The German Medical Association, however, says placebos could – and should – be used in certain cases, following a major study that suggests dummy pills sometimes work better than actual medicines. The news is causing a bit of a stink in international medical circles, since the GMA advises doctors that they don’t have to use the word placebo when prescribing dummy pills for their patients – they only have to say that they’re giving them something ‘unusual’.

British and US health experts think this is madness, of course. And that’s despite the German advice suggesting that placebos should only be used when other effective therapies don’t exist – such as in cases of mild anxiety, depression, pain and chronic inflammatory conditions, where other treatments have been tried but have failed. The German docs say placebos may be useful in cases where pain is subjective, for instance. They do not work for broken bones, for instance, or for cancer, the experts say.

Fair enough, that sounds good to me. But US experts are up in arms about it, saying it’s absolutely not acceptable to lie to patients about what treatment they’re receiving. Even the UK’s BMA has waded in, with ethics committee chairman Tony Calland claiming that the use of placebos is unscientific and sends medicine back into the 19th century.

Yet it’s common knowledge – in medical circles at least – that doctors in this country (and, according to studies, in Denmark and the US) often prescribe placebos without their patients’ knowledge.

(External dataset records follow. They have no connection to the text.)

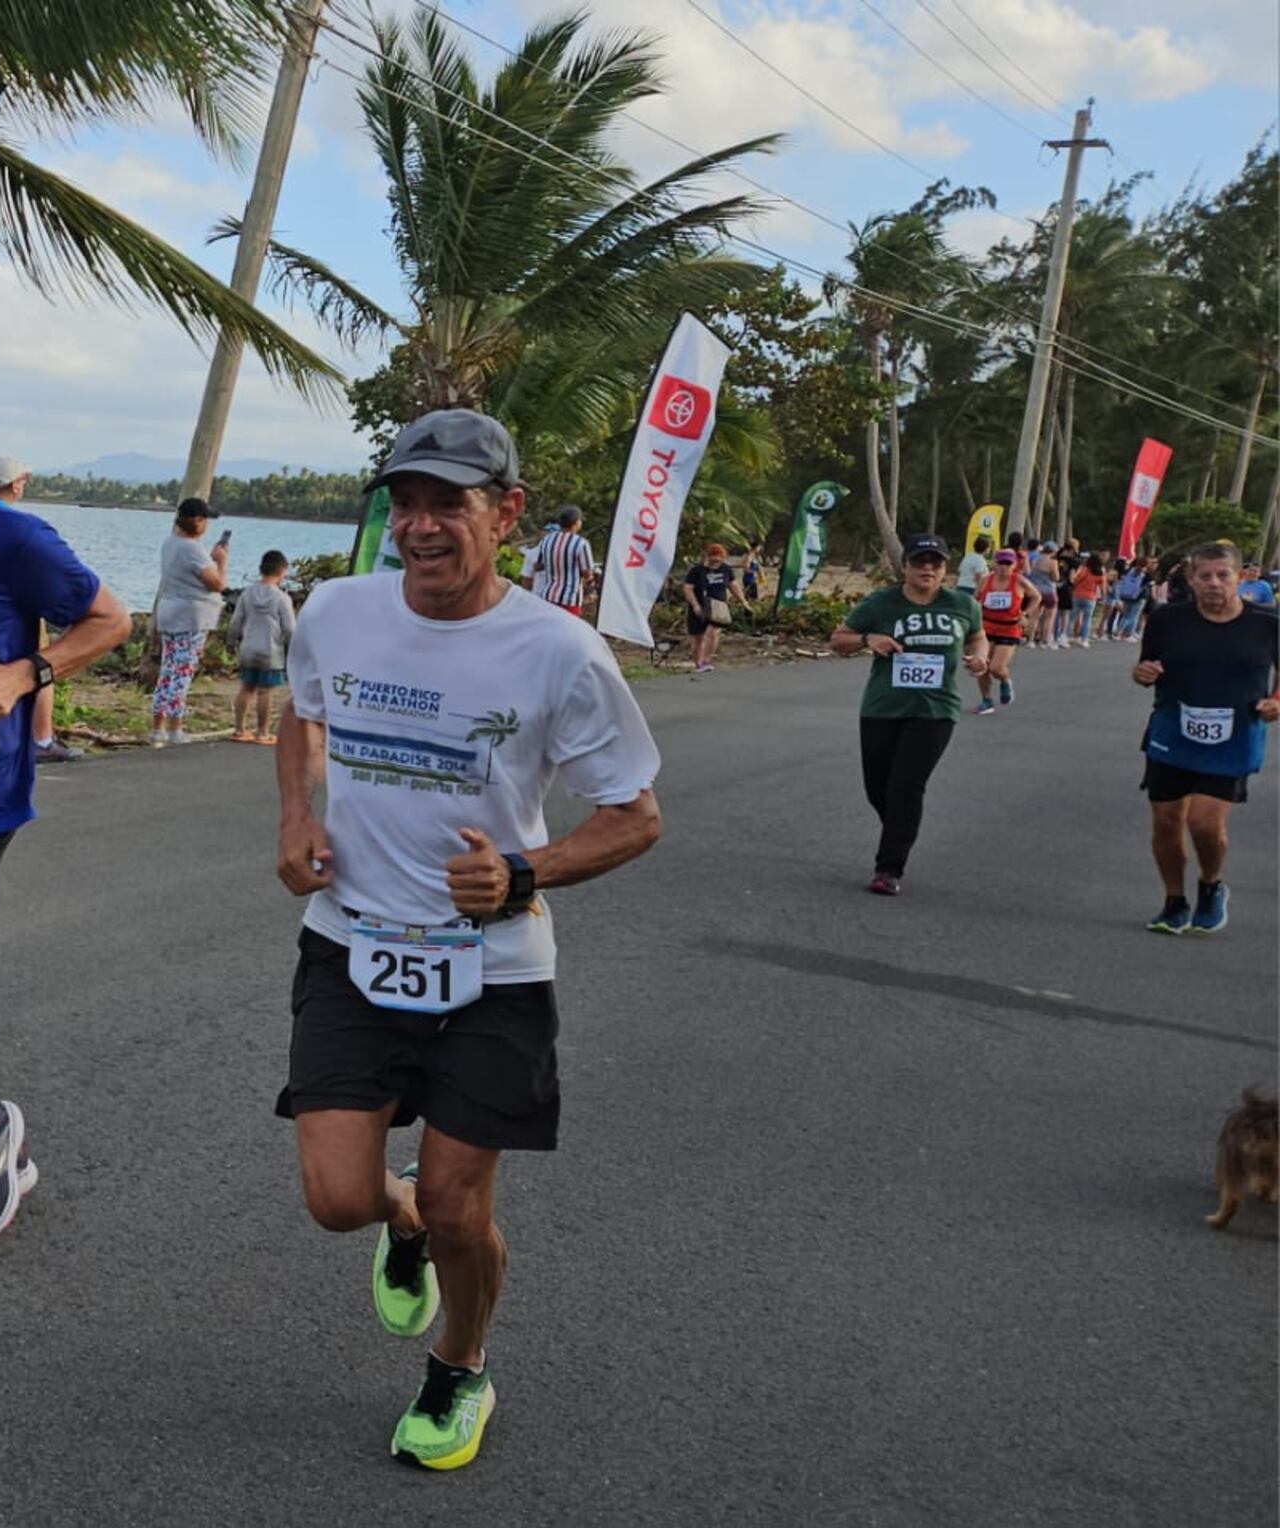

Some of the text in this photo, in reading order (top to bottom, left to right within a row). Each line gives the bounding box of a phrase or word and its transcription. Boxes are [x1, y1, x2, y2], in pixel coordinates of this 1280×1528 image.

[626, 450, 676, 568] TOYOTA
[899, 666, 935, 684] 682
[359, 691, 441, 713] MARATHON
[360, 680, 442, 702] PUERTO RICO
[387, 706, 440, 721] MARATHON
[1186, 720, 1223, 740] 683
[343, 743, 356, 757] IN
[359, 747, 432, 767] PARADISE
[436, 757, 469, 772] 2014
[370, 949, 451, 1003] 251
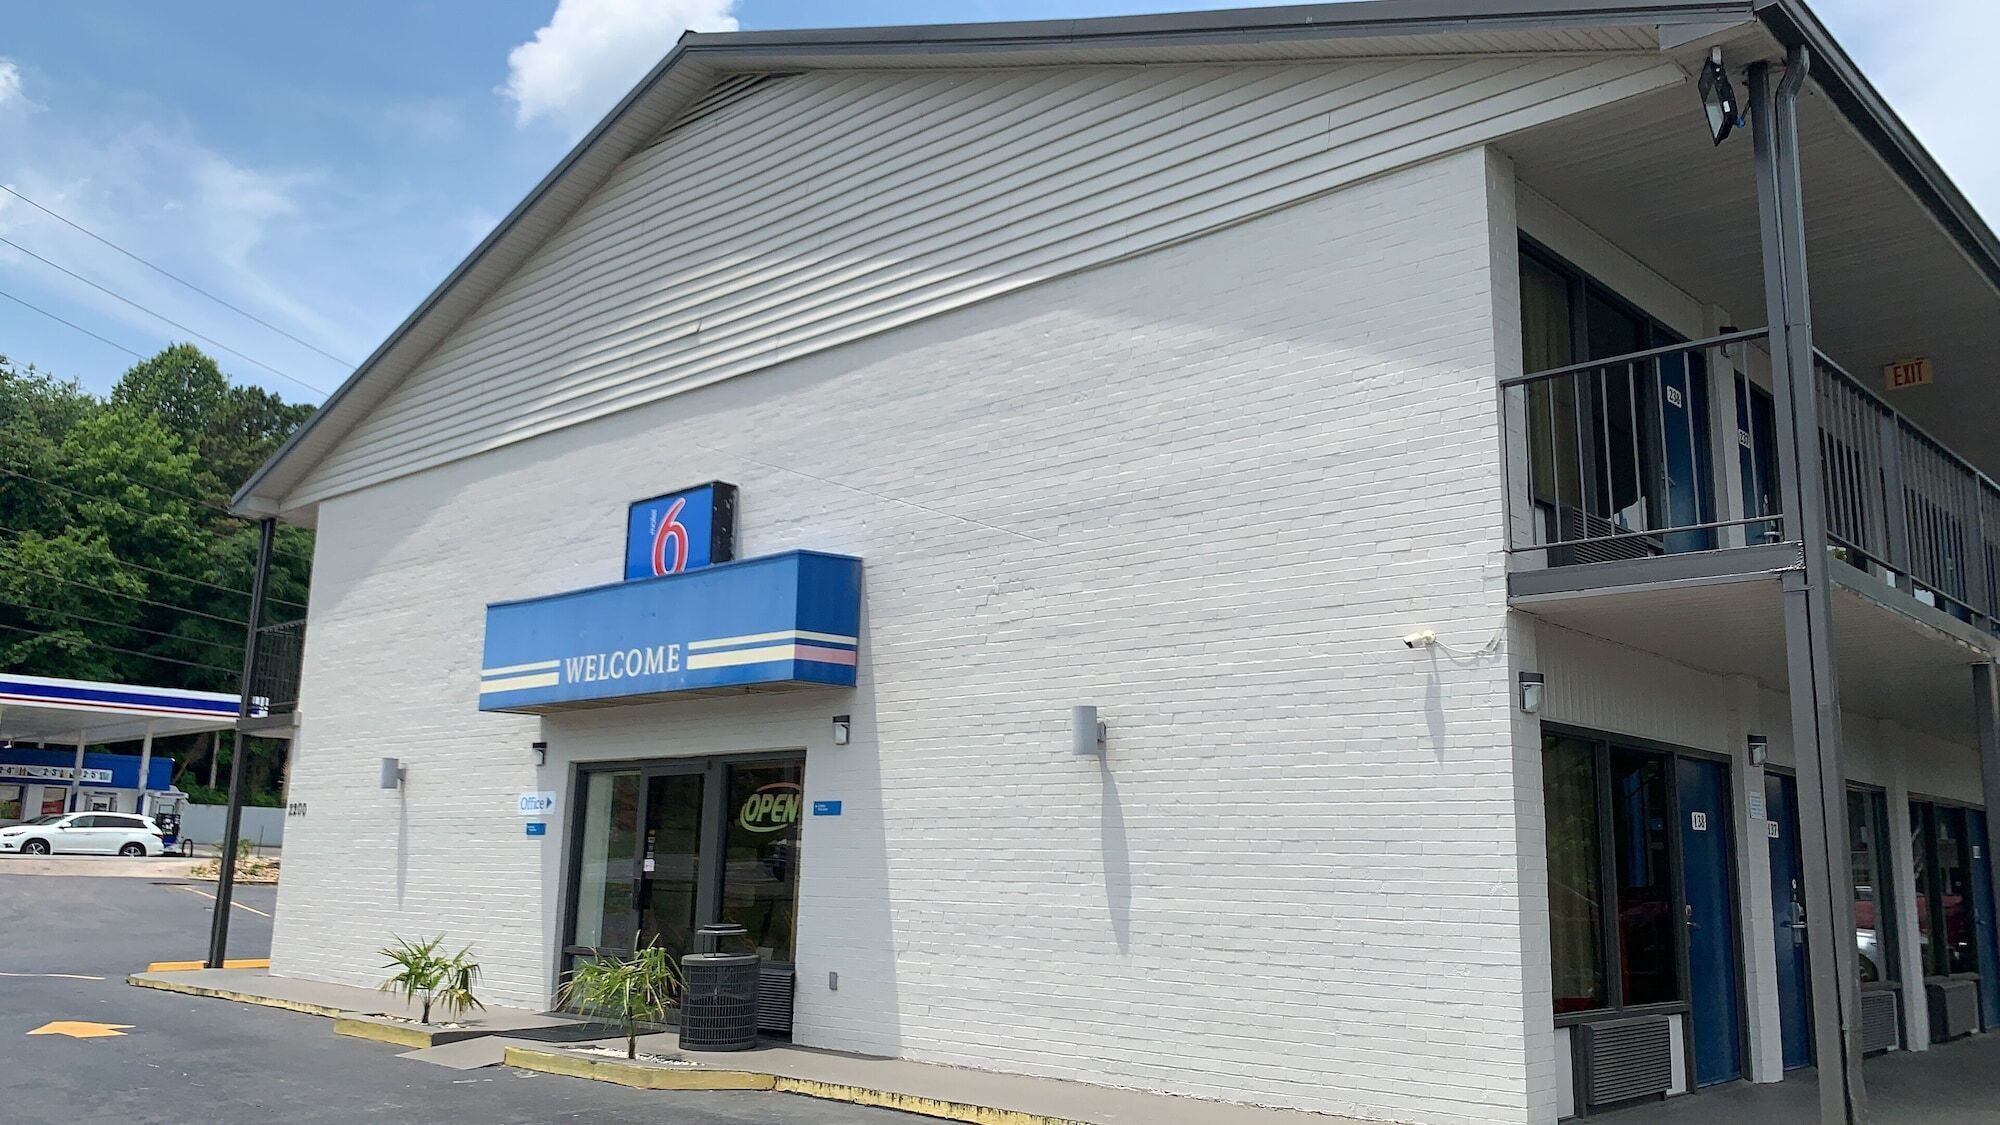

Unscientific may be the way Mr Calland describes placebo power, but numerous drug tests show that dummy pills are as effective – sometimes even more so – than the medicines being trialled. And it’s only unscientific because we simply don’t have the knowledge or the insight to understand why placebo works in such cases.

After all, there’s not much money to be made from placebo, so it’s no wonder the majority of medical research focuses on drug treatments, where tidy profits can – and are – made. How many researchers are out there trying to really understand how placebo works? Not many, I dare say.

Cynical, yes – I admit it. Makes you think though, doesn’t it? Maybe the Germans are so advanced when it comes to mind-body medicine, they know something the rest of us don’t? Or perhaps they’re just more willing to be open-minded.